In [1]:
import pandas as pd

In [2]:
df = pd.read_csv("car_fuel_efficiency.csv")

### Question 1

**There's one column with missing values. What is it?**

In [4]:
import pandas as pd

df = pd.read_csv("car_fuel_efficiency.csv")

# Select relevant columns
cols = ['engine_displacement', 'horsepower', 'vehicle_weight', 'model_year', 'fuel_efficiency_mpg']
df_filtered = df[cols]

# Check for missing values
df.isnull().sum()

engine_displacement      0
num_cylinders          482
horsepower             708
vehicle_weight           0
acceleration           930
model_year               0
origin                   0
fuel_type                0
drivetrain               0
num_doors              502
fuel_efficiency_mpg      0
dtype: int64

Column with missing values: horsepower

### Question 2
**What's the median (50% percentile) for variable 'horsepower'?**

In [7]:
df['horsepower'].median()

149.0

Median: 149

**Prepare and split the dataset
Shuffle the dataset (the filtered one you created above), use seed 42.
Split your data in train/val/test sets, with 60%/20%/20% distribution.
Use the same code as in the lectures**

In [10]:
import numpy as np
from sklearn.model_selection import train_test_split

In [11]:
df_shuffled = df_filtered.sample(frac=1, random_state=42)
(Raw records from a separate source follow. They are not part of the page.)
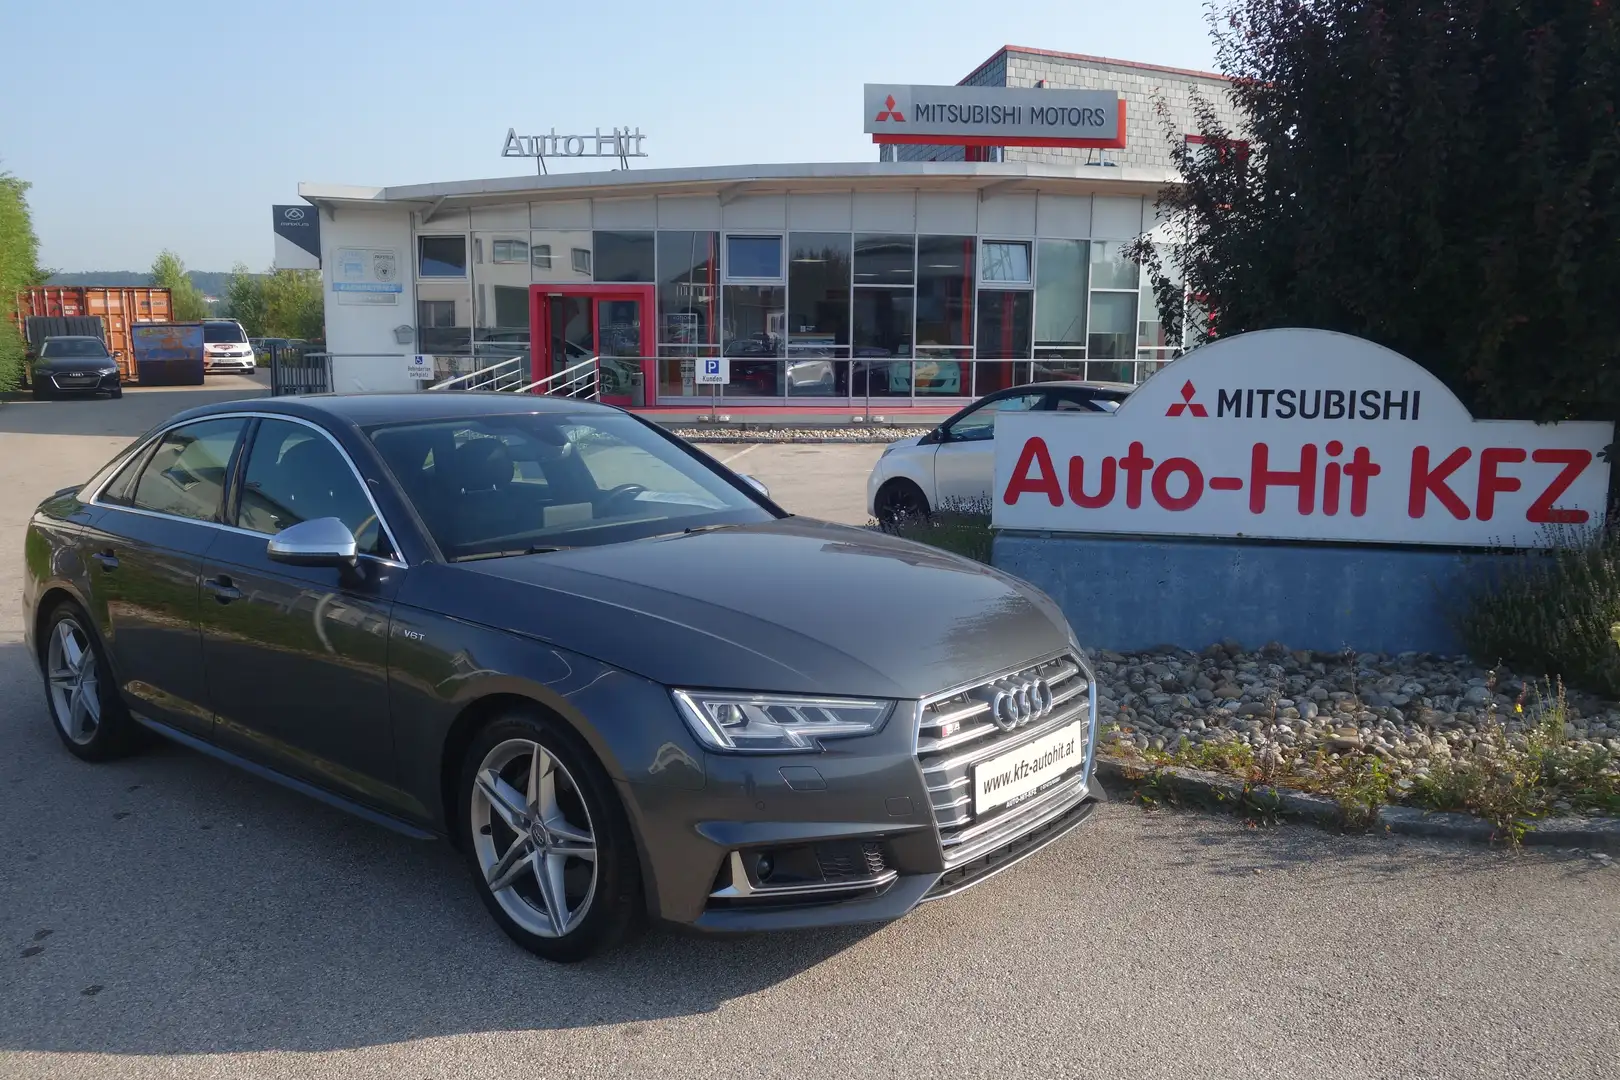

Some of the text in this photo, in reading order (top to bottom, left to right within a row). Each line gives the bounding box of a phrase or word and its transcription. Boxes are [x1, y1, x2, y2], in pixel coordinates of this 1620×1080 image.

[915, 103, 1105, 127] MITSUBISHI MOTORS
[501, 126, 648, 157] Auto Hit
[1217, 388, 1421, 421] MITSUBISHI
[1003, 436, 1592, 523] Auto-Hit KFZ
[404, 629, 425, 641] V6T
[983, 739, 1075, 795] www.kfz-autohit.at
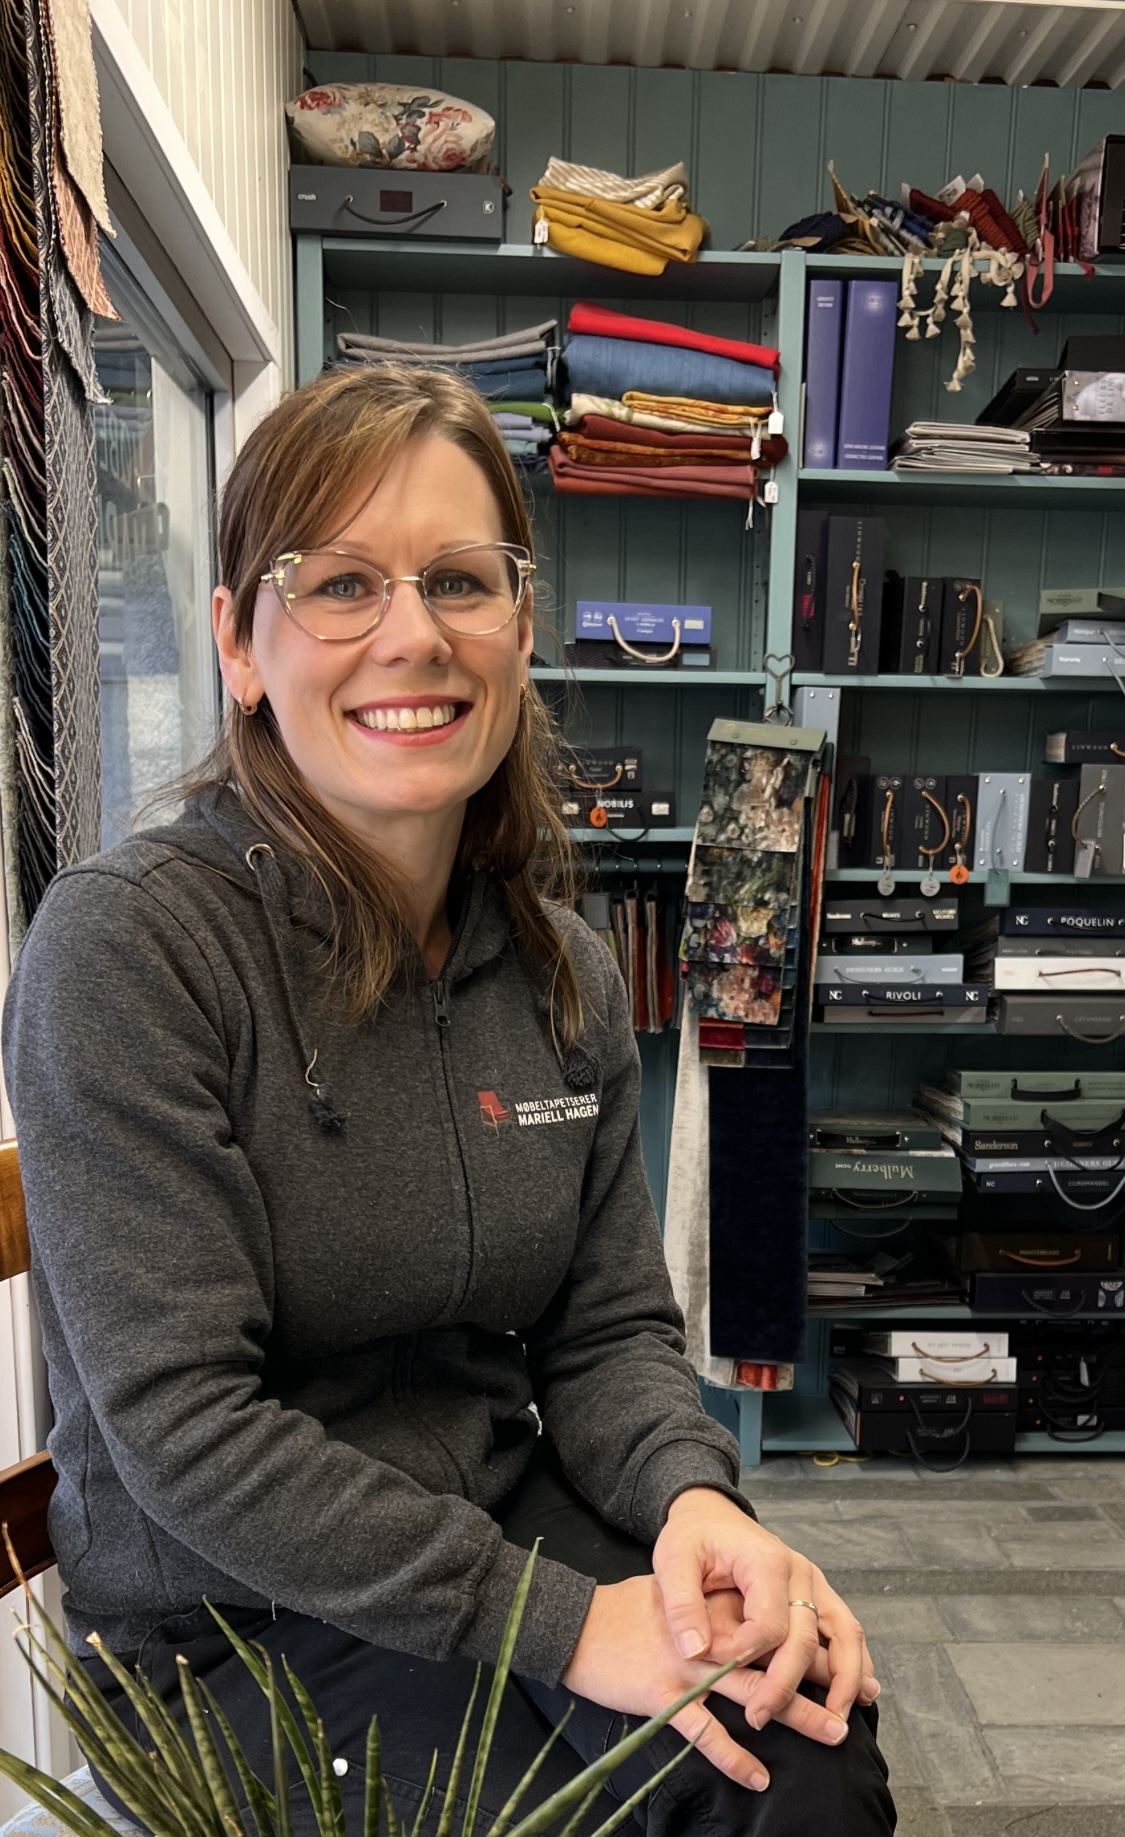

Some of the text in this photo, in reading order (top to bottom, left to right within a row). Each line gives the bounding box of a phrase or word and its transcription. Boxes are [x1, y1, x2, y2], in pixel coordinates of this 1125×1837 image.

[1060, 917, 1115, 928] POQUELIN
[886, 991, 921, 1001] RIVOLI
[515, 1094, 598, 1113] MØBELTAPETSERER
[518, 1104, 599, 1126] MARIELL HAGEN
[974, 1140, 1018, 1151] Sanderson
[853, 1161, 914, 1179] Mulberry
df_train, df_temp = train_test_split(df_shuffled, test_size=0.4, random_state=42)
df_val, df_test = train_test_split(df_temp, test_size=0.5, random_state=42)

print(f"Train set shape: {df_train.shape}")
print(f"Validation set shape: {df_val.shape}")
print(f"Test set shape: {df_test.shape}")

Train set shape: (5822, 5)
Validation set shape: (1941, 5)
Test set shape: (1941, 5)


### Question Three

We need to deal with missing values for the column from Q1.
- We have two options: fill it with 0 or with the mean of this variable.
- Try both options. For each, train a linear regression model without regularization using the code from the lessons.
- For computing the mean, use the training only!
- Use the validation dataset to evaluate the models and compare the RMSE of each option.
- Round the RMSE scores to 2 decimal digits using round(score, 2)
- Which option gives better RMSE?

In [13]:
from sklearn.linear_model import LinearRegression
from sklearn.metrics import mean_squared_error
import numpy as np

features = ['engine_displacement', 'horsepower', 'vehicle_weight', 'model_year']
target = 'fuel_efficiency_mpg'

def prepare_X(df):
    return df[features].copy()


**Option 1: imputing with 0**

In [15]:
df_train_0 = df_train.copy()
df_val_0 = df_val.copy()

df_train_0['horsepower'] = df_train_0['horsepower'].fillna(0)
df_val_0['horsepower'] = df_val_0['horsepower'].fillna(0)

X_train_0 = prepare_X(df_train_0)
X_val_0 = prepare_X(df_val_0)
y_train = df_train_0[target].values
y_val = df_val_0[target].values

model_0 = LinearRegression()
model_0.fit(X_train_0, y_train)
y_pred_0 = model_0.predict(X_val_0)

rmse_0 = mean_squared_error(y_val, y_pred_0, squared=False)
print(f"RMSE_0: {round(rmse_0, 2)}")

RMSE_0: 0.51




**Option 2: Fill missing with training mean**

In [17]:
df_train_mean = df_train.copy()
df_val_mean = df_val.copy()

hp_mean = df_train_mean['horsepower'].mean()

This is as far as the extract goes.